De acordo com a investigação, a adolescente deu entrada inicialmente na unidade de pronto atendimento local após ingerir, voluntariamente, cerca de 36 comprimidos de uso controlado, o que já configurava um quadro clínico grave. Apesar disso, ela foi liberada pelo médico plantonista. Poucas horas depois, retornou à unidade apresentando convulsões severas e, mesmo com esforços posteriores, não resistiu.
A apuração da PCMG incluiu oitivas de testemunhas e laudos técnicos, e apontou falhas graves na conduta dos profissionais envolvidos. Um médico foi indiciado por homicídio doloso, na modalidade de dolo eventual, por ter liberado a paciente de forma negligente, assumindo o risco da morte.
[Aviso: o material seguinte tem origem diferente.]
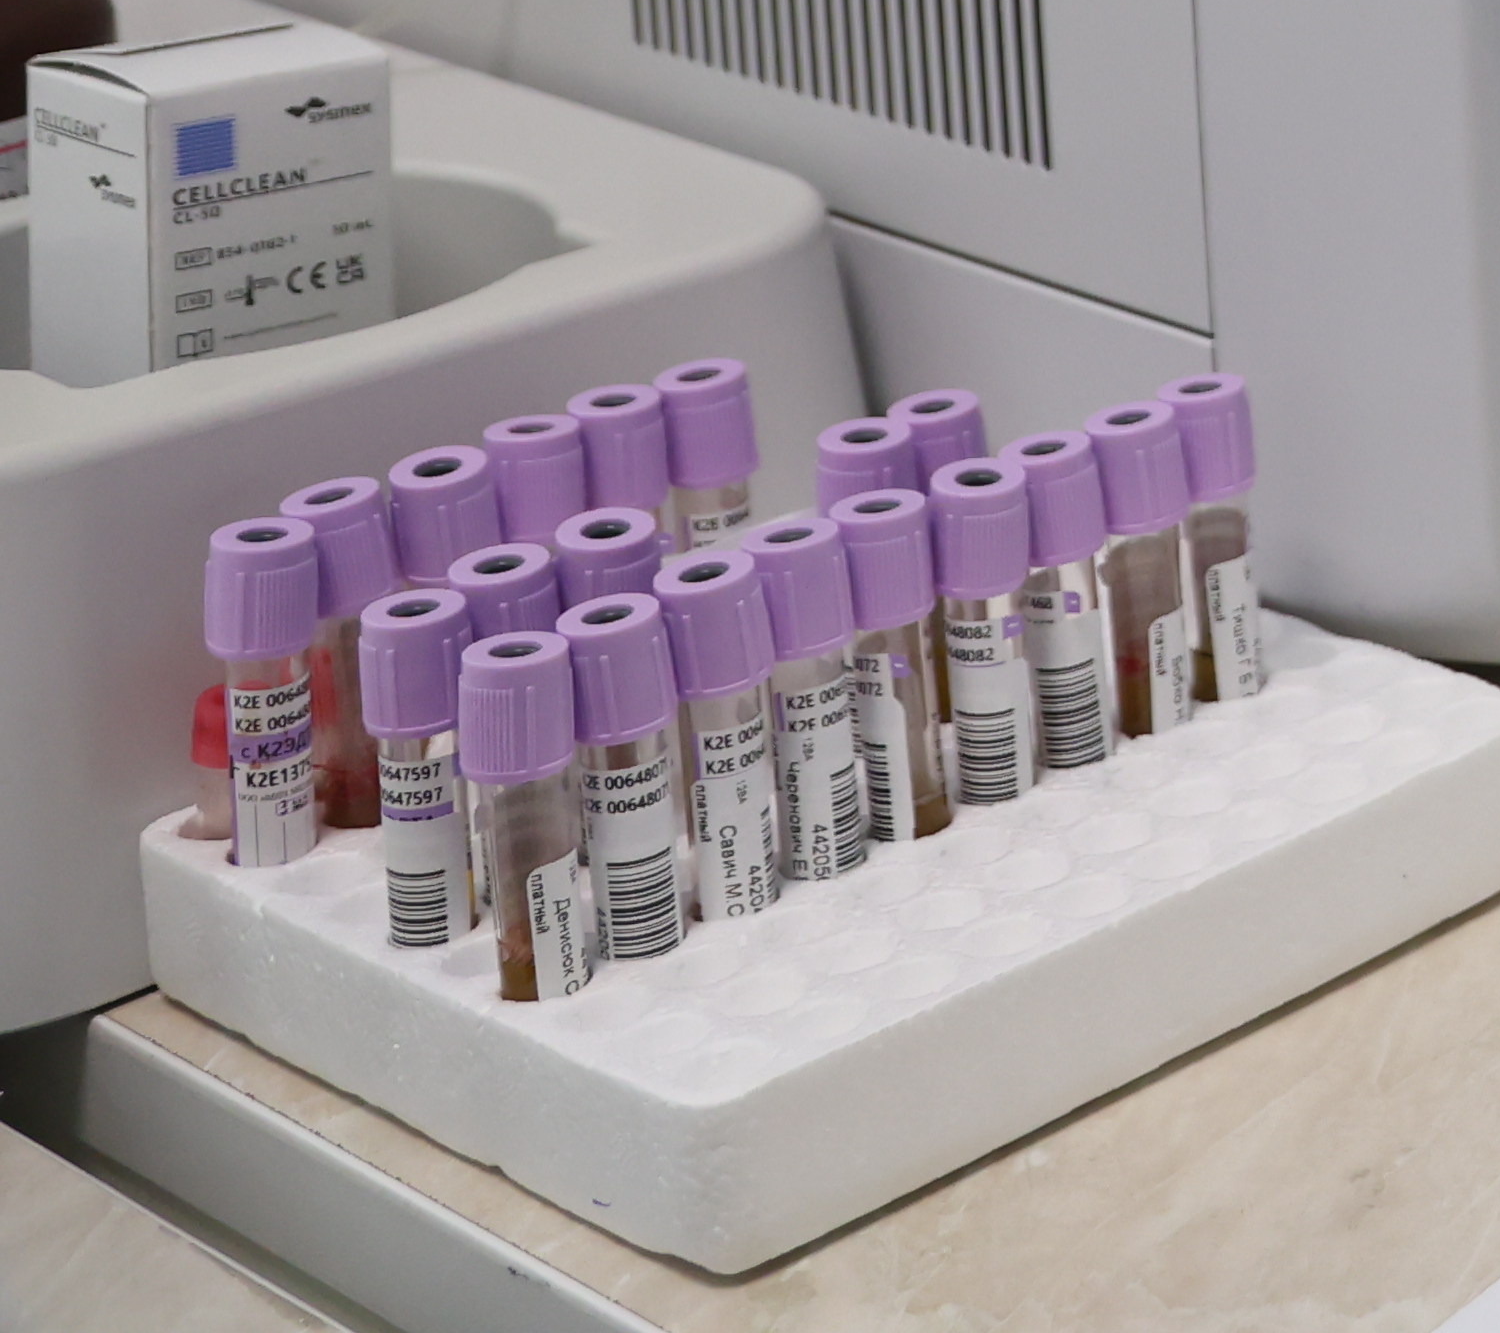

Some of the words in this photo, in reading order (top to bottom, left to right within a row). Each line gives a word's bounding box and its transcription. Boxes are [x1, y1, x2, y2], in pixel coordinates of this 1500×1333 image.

[307, 102, 373, 124] sysmex
[172, 167, 308, 208] CELLCLEAN
[233, 694, 261, 710] K2E
[785, 692, 816, 711] K2E
[235, 717, 262, 733] K2E
[702, 733, 734, 751] K2E
[704, 756, 736, 776] K2E
[695, 784, 713, 844] платный
[718, 824, 738, 879] Савич
[811, 823, 832, 882] 44205
[530, 873, 551, 935] платный
[552, 897, 575, 979] Денисюк
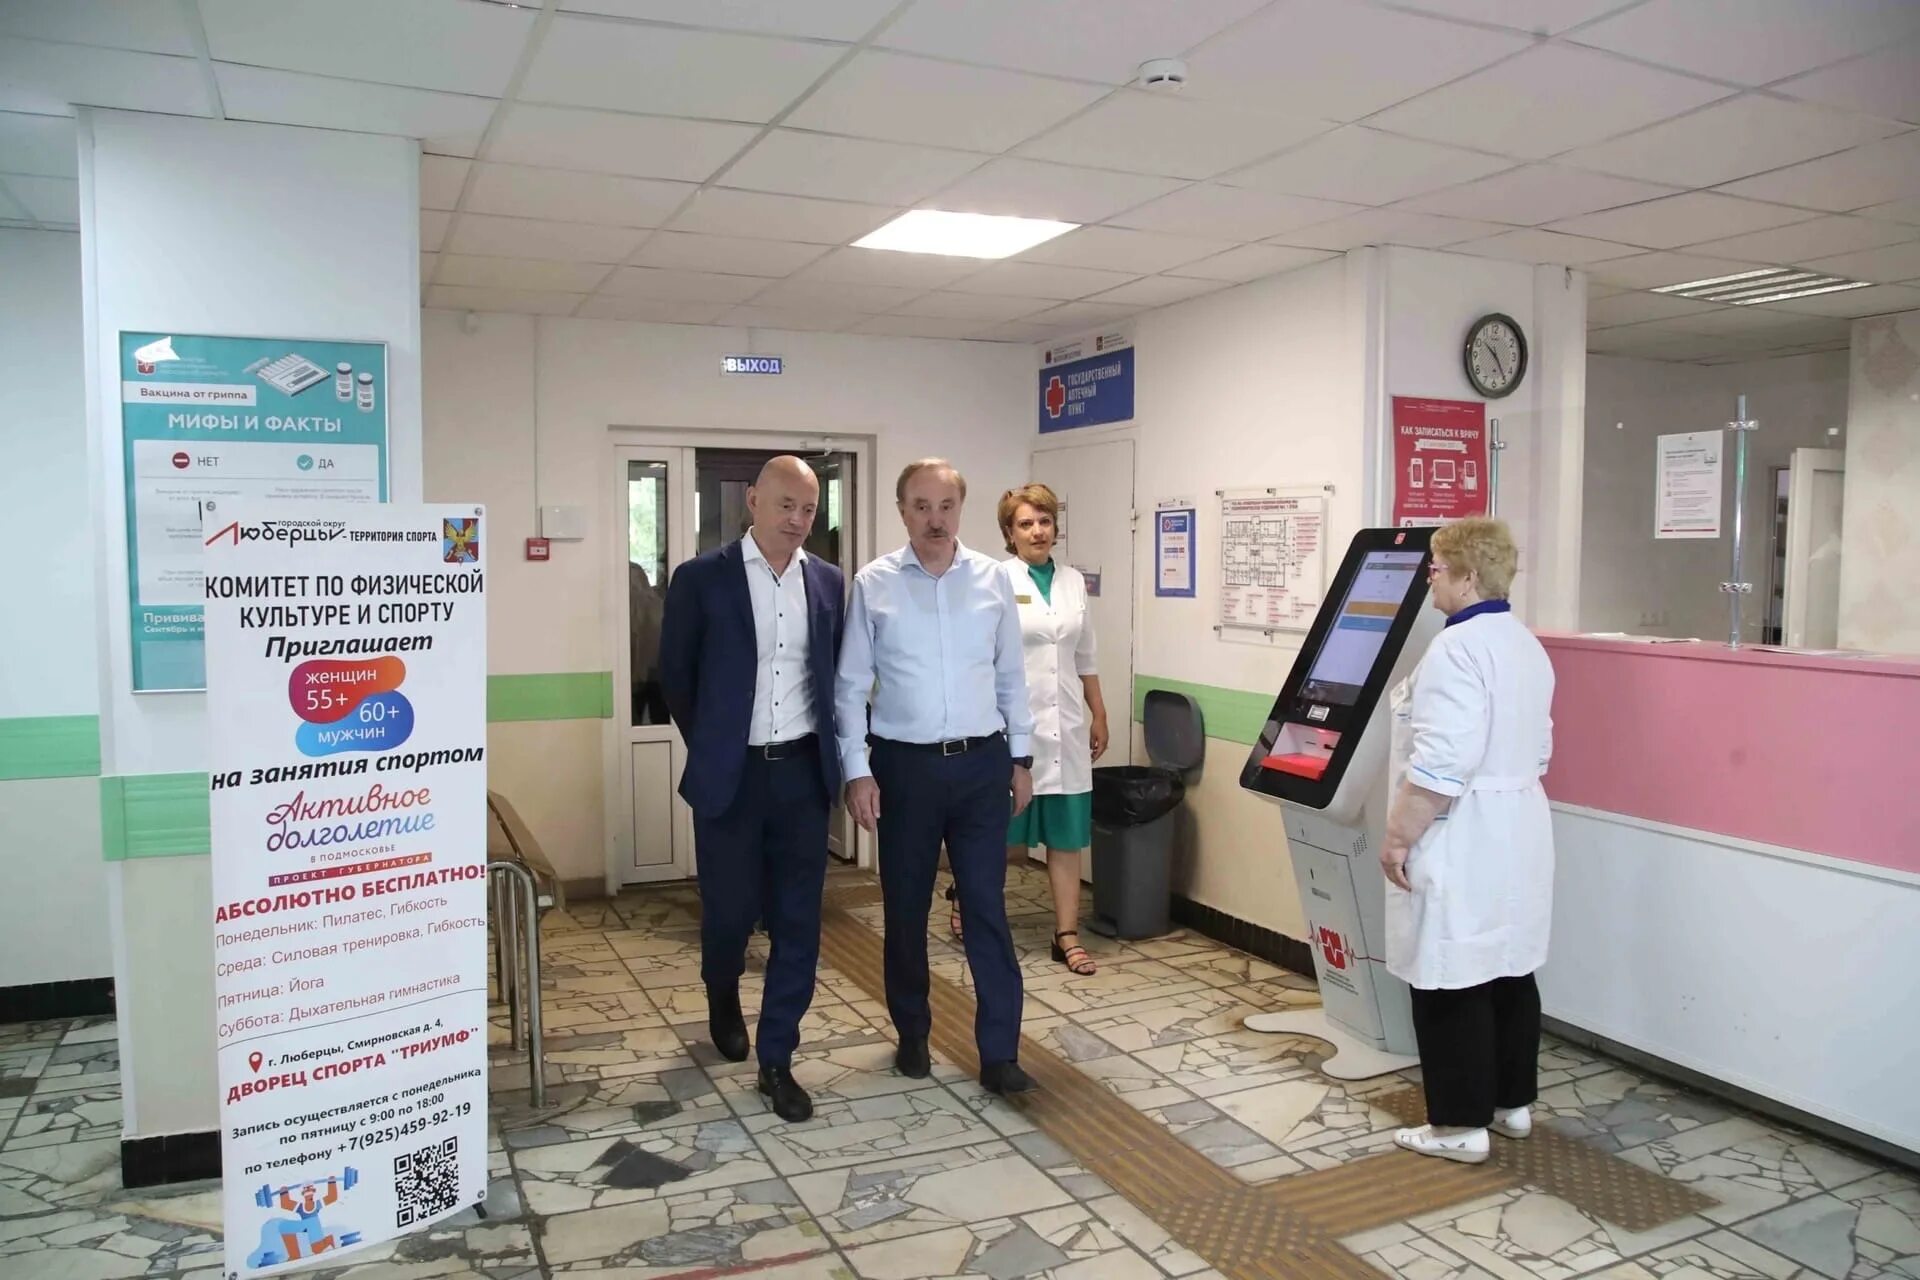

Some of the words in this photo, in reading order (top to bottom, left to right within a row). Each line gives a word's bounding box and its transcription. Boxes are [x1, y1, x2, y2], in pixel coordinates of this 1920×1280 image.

[726, 358, 780, 373] ВЫХОД
[140, 387, 190, 398] Вакцина
[193, 390, 205, 398] от
[208, 391, 248, 400] гриппа
[168, 413, 238, 430] МИФЫ
[245, 415, 259, 431] И
[265, 415, 341, 433] ФАКТЫ
[1401, 426, 1414, 435] КАК
[1415, 427, 1454, 437] ЗАПИСАТЬСЯ
[197, 456, 219, 467] НЕТ
[318, 458, 334, 469] ДА
[278, 519, 321, 528] городской
[323, 519, 346, 529] округ
[350, 530, 403, 542] ТЕРРИТОРИЯ
[406, 530, 437, 542] СПОРТА
[205, 575, 309, 599] КОМИТЕТ
[316, 575, 343, 597] ПО
[351, 569, 484, 597] ФИЗИЧЕСКОЙ
[240, 604, 350, 628] КУЛЬТУРЕ
[358, 604, 370, 625] И
[378, 601, 454, 624] СПОРТУ
[265, 634, 433, 663] Приглашает
[305, 668, 377, 685] женщин
[306, 690, 349, 710] 55+
[359, 702, 400, 723] 60+
[318, 725, 385, 746] мужчин
[211, 770, 242, 790] на
[250, 757, 368, 785] занятия
[375, 746, 484, 774] спортом
[266, 783, 431, 825] Активное
[267, 812, 435, 852] долголетие
[320, 844, 396, 862] ПОДМОСКОВЬЕ
[273, 869, 327, 884] ПРОЕКТ
[339, 854, 430, 875] ГУБЕРНАТОРА
[215, 885, 356, 924] АБСОЛЮТНО
[362, 864, 486, 897] БЕСПЛАТНО!
[216, 918, 318, 948] Понедельник:
[323, 906, 386, 929] Пилатес,
[390, 896, 447, 916] Гибкость
[217, 955, 266, 977] Среда:
[272, 944, 338, 965] Силовая
[427, 915, 486, 935] Гибкость
[218, 984, 284, 1010] Пятница:
[289, 975, 325, 993] Йога
[218, 1012, 285, 1039] Суббота:
[288, 992, 385, 1024] Дыхательная
[389, 972, 461, 1000] гимнастика
[268, 1058, 277, 1068] г.
[280, 1046, 344, 1066] Люберцы,
[347, 1027, 421, 1051] Смирновская
[422, 1024, 433, 1034] д.
[435, 1018, 444, 1029] 4,
[226, 1071, 308, 1105] ДВОРЕЦ
[312, 1053, 386, 1081] СПОРТА
[391, 1027, 479, 1060] "ТРИУМФ"
[231, 1120, 280, 1140] Запись
[284, 1094, 389, 1128] осуществляется
[392, 1092, 398, 1101] с
[402, 1068, 481, 1098] понедельника
[279, 1134, 297, 1145] по
[301, 1120, 357, 1141] пятницу
[360, 1118, 366, 1127] с
[369, 1108, 395, 1125] 9:00
[398, 1105, 414, 1116] по
[416, 1092, 445, 1110] 18:00
[244, 1163, 262, 1176] по
[266, 1147, 333, 1170] телефону
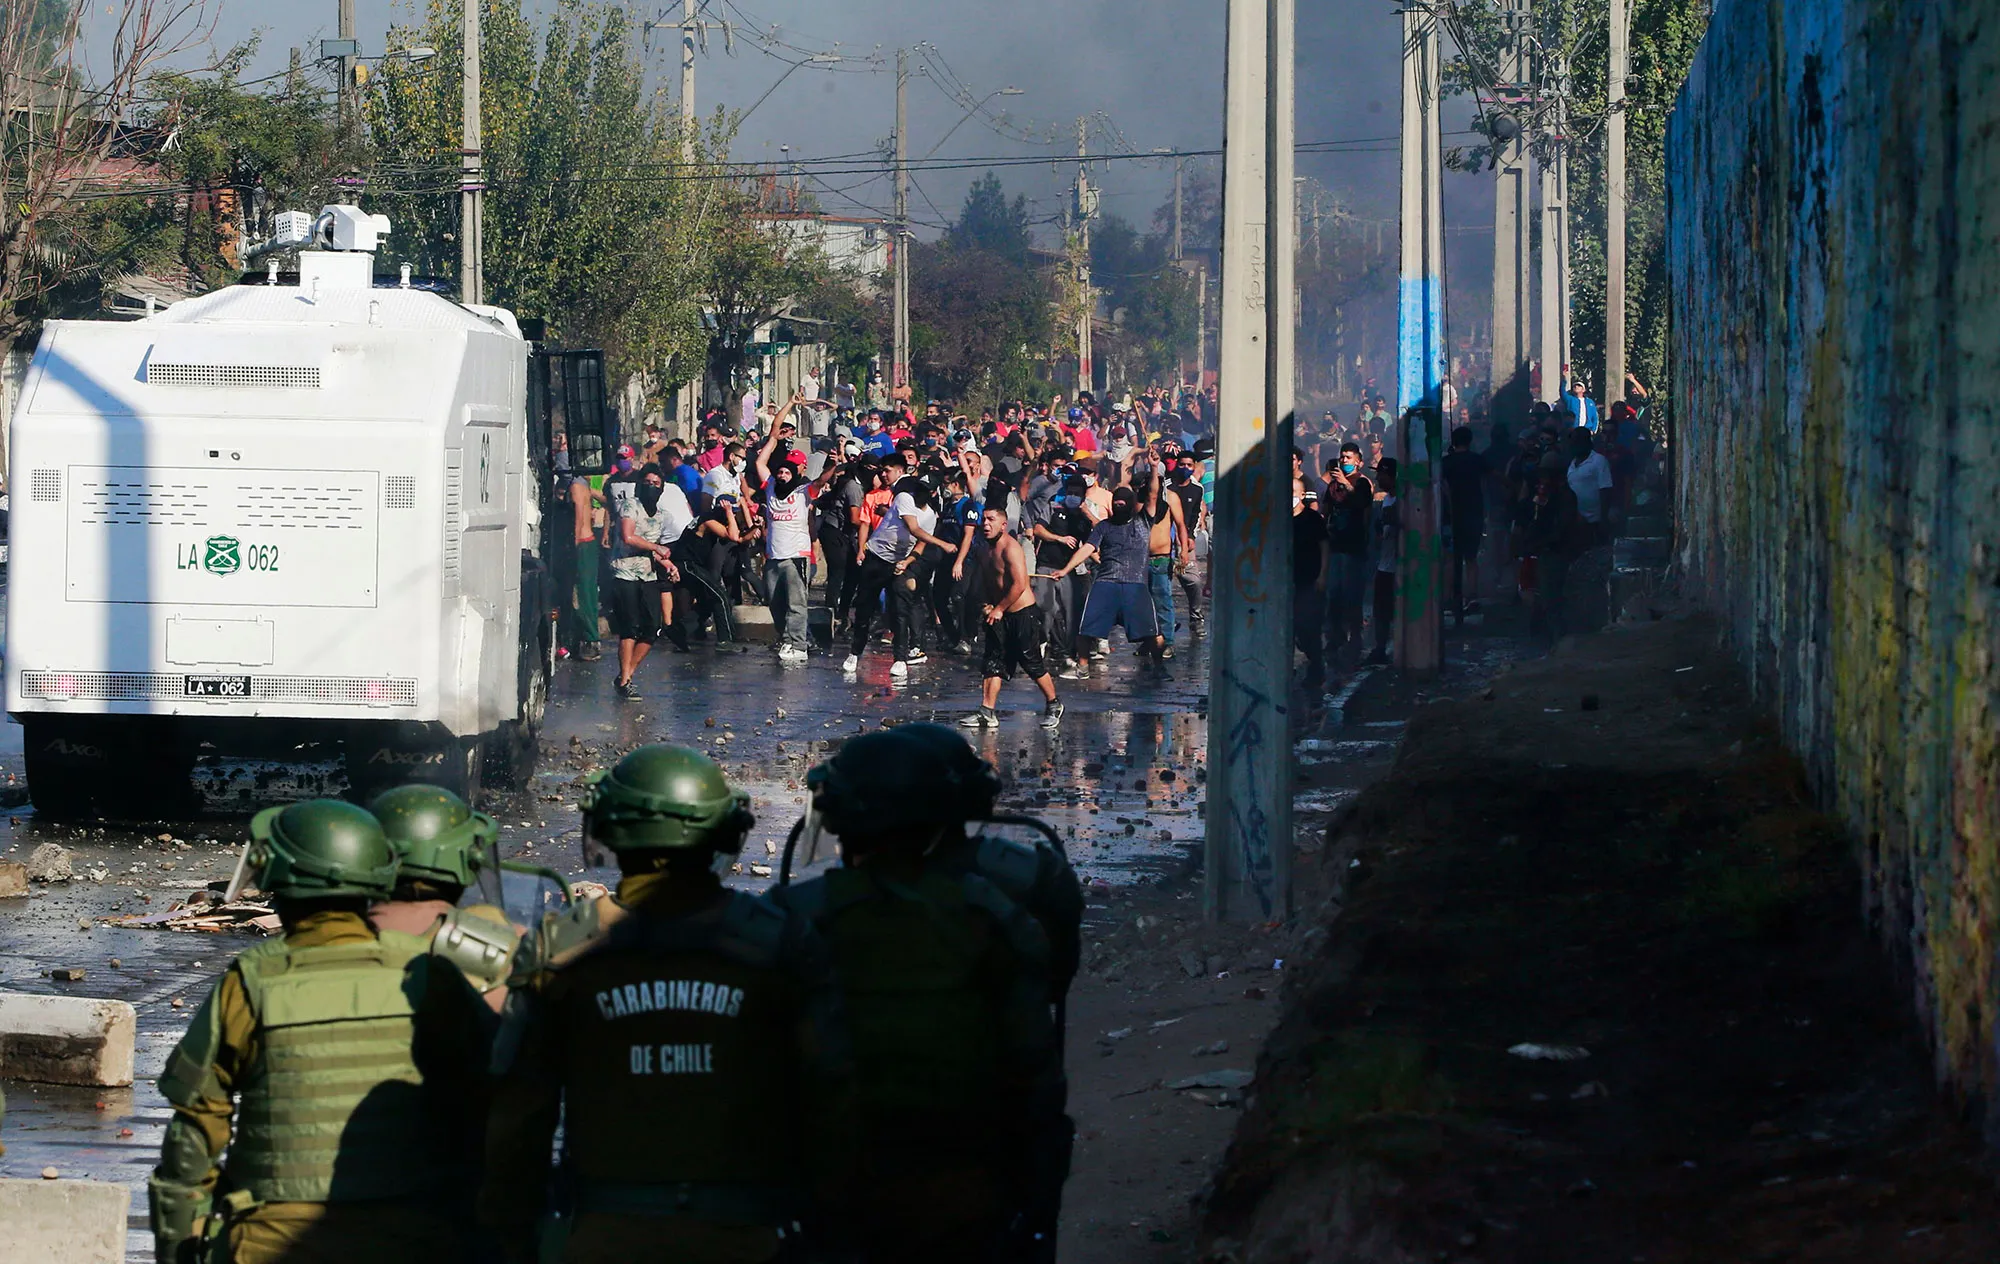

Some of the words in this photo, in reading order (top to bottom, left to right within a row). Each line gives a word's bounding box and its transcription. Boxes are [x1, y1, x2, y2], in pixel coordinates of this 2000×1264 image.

Outro profissional foi indiciado por homicídio culposo, em razão de erro técnico durante o procedimento de intubação, que retardou a estabilização da jovem. O terceiro profissional foi responsabilizado por omissão de socorro, ao se recusar a admitir a paciente na UTI sob alegação burocrática, mesmo diante da gravidade do quadro.
O relatório final do inquérito já foi encaminhado ao Ministério Público e ao Poder Judiciário para as providências legais. O caso causou forte repercussão em São Gotardo e em toda a região, reacendendo o debate sobre a responsabilidade profissional e os protocolos de atendimento emergencial em unidades de saúde.